Patrick Miller: Does that lead then, because you said that that generally falls along the conservative progressive accessive way of thinking about it. Does that end up with conservatives and progressives both making different critiques of institutions and what are those critiques that each side makes about institutions?
Yuval Levin: I think that's right. The core progressive critique of institutions is that they are oppressive, that they constrain the freedom of the individual, that they are ways of deploying power on behalf of people with power, at the expense of people without power. I think that is really central to the worldview of contemporary progressivism. Conservatives, when they're critical, and I should say when we're critical, because I am a conservative, when we're critical of institutions, it's often because we think they've been corrupted, that they've lost their core purpose and have been turned to a political cause that's not inherent to them, and that they're being used, in a sense, to deform rather than to properly form human beings and citizens. A lot of conservatives today make that kind of critique about our cultural institutions, about maybe increasingly about major corporations or the media, and we see them as being abused, as being used to deform our culture and society rather than form them properly. Those are very different critiques of our society's institutions, and I do think that at our best conservatives tend to appreciate the significance and the value of the institutions of our society and to protect them. But that's at our best, and we're not always at our best, and in a populous moment like this, conservatives very often are at least as hostile to our core institutions in the United States, as progressives are.

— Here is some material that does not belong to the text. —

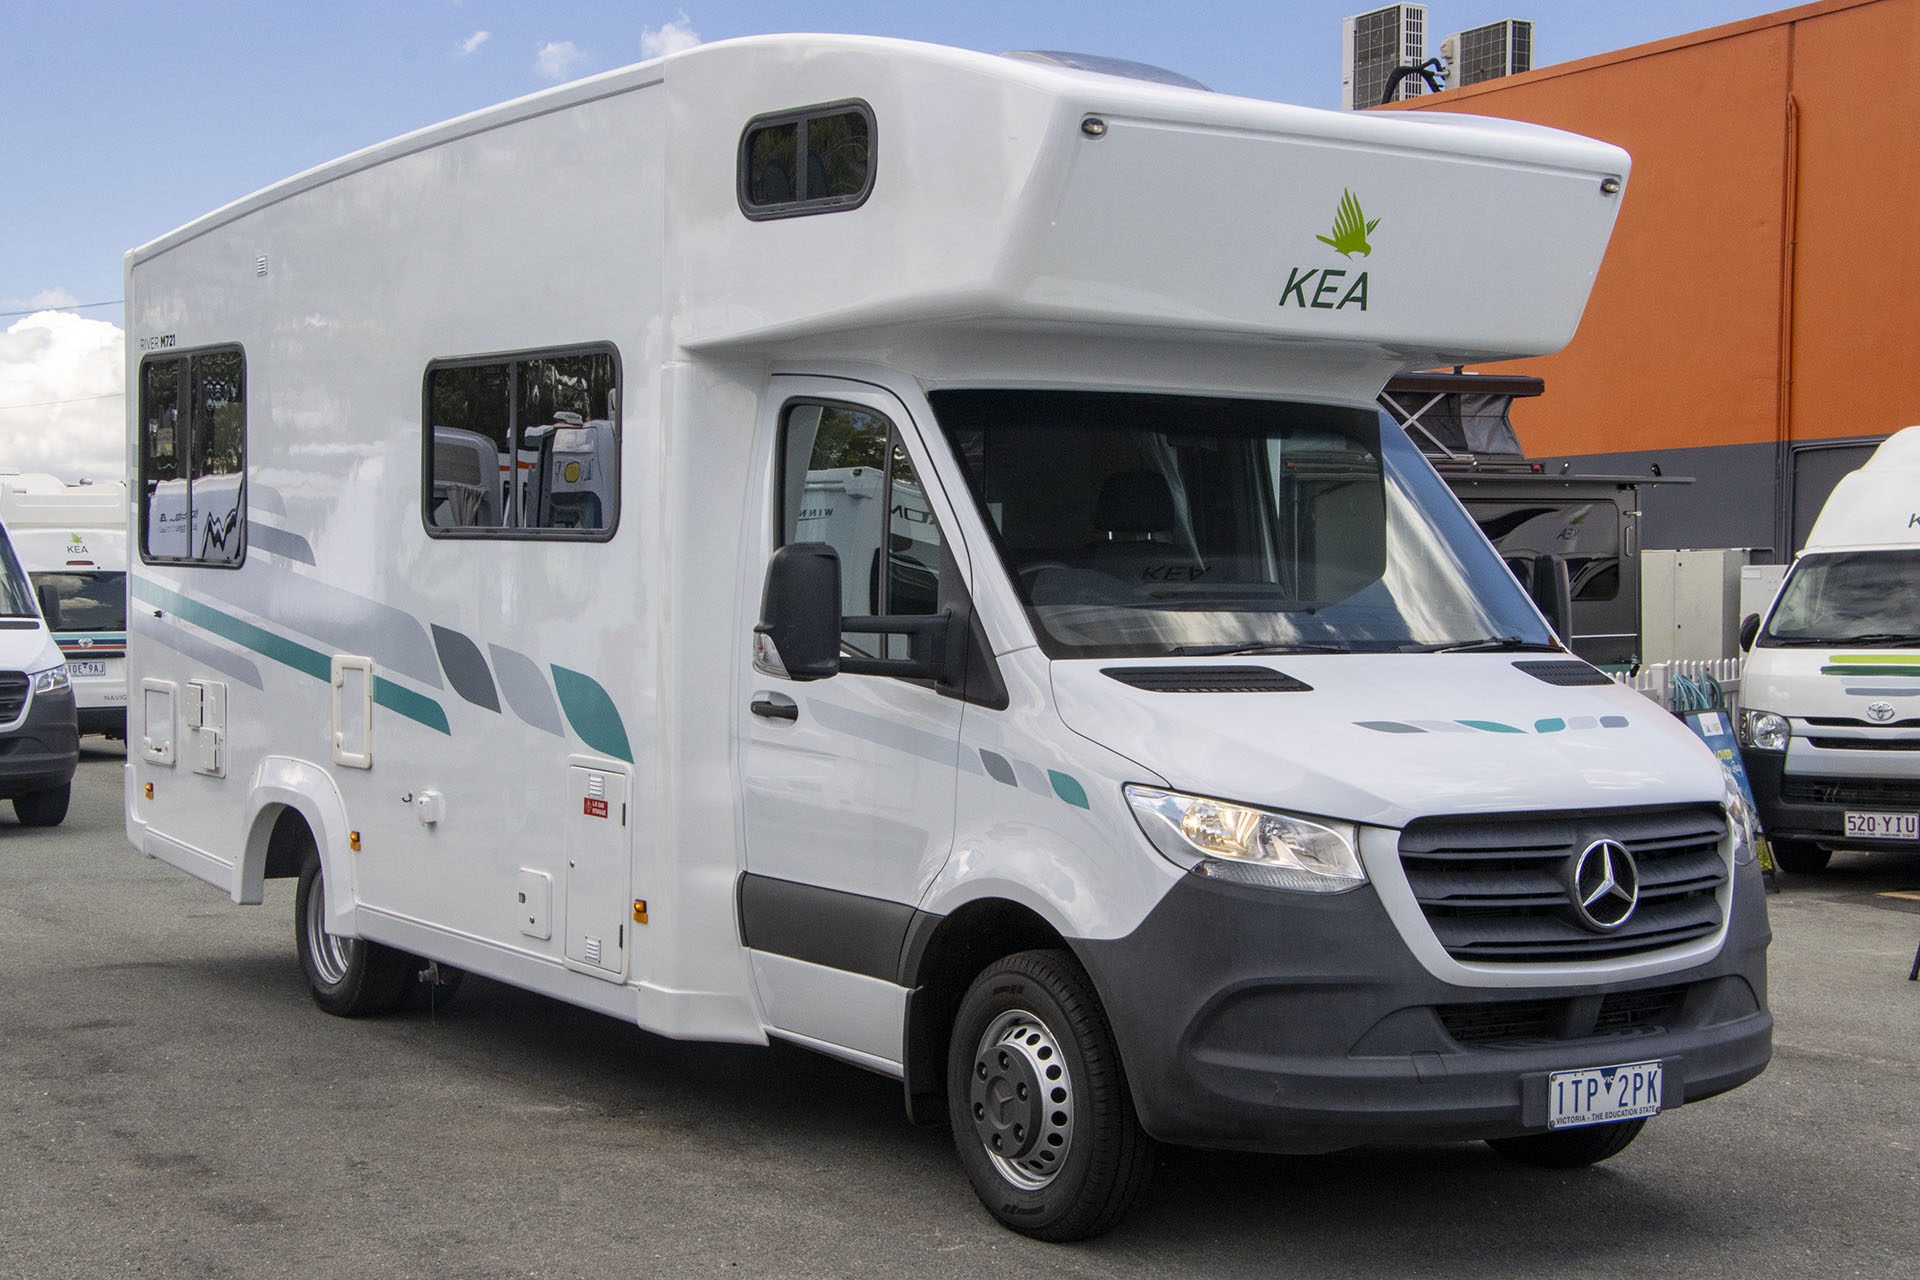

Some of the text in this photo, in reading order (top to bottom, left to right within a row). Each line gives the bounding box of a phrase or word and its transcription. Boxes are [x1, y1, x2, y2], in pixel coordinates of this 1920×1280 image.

Patrick Miller: I want to get to why institutions are falling, and you mentioned it a little bit earlier in our conversation, that people are using institutions as platforms for their own notoriety, as opposed to, or their own agenda, as opposed to what they were created for, and that's kind of the formation. I have this quote, I thought it was really interesting, I'm a big baseball fan, Ryan Sandberg, who played second base for the Cubs, he's going into the hall of fame, and here's what he says in his hall of fame speech. He's talking about players and young players coming up and he says," they need to learn how to bunt, and hit and run, and turn to, and that that's more important than knowing where to find the little red light on the dugout camera." I just think that's a great window into what you're talking about, because we all know when the red light's on, that's when I got to act cool, that's when I put on a show for the camera, for the audience, versus just the basic fundamentals of baseball. Help us understand this platform, and how we use it as a platform, and how that undermines the institution.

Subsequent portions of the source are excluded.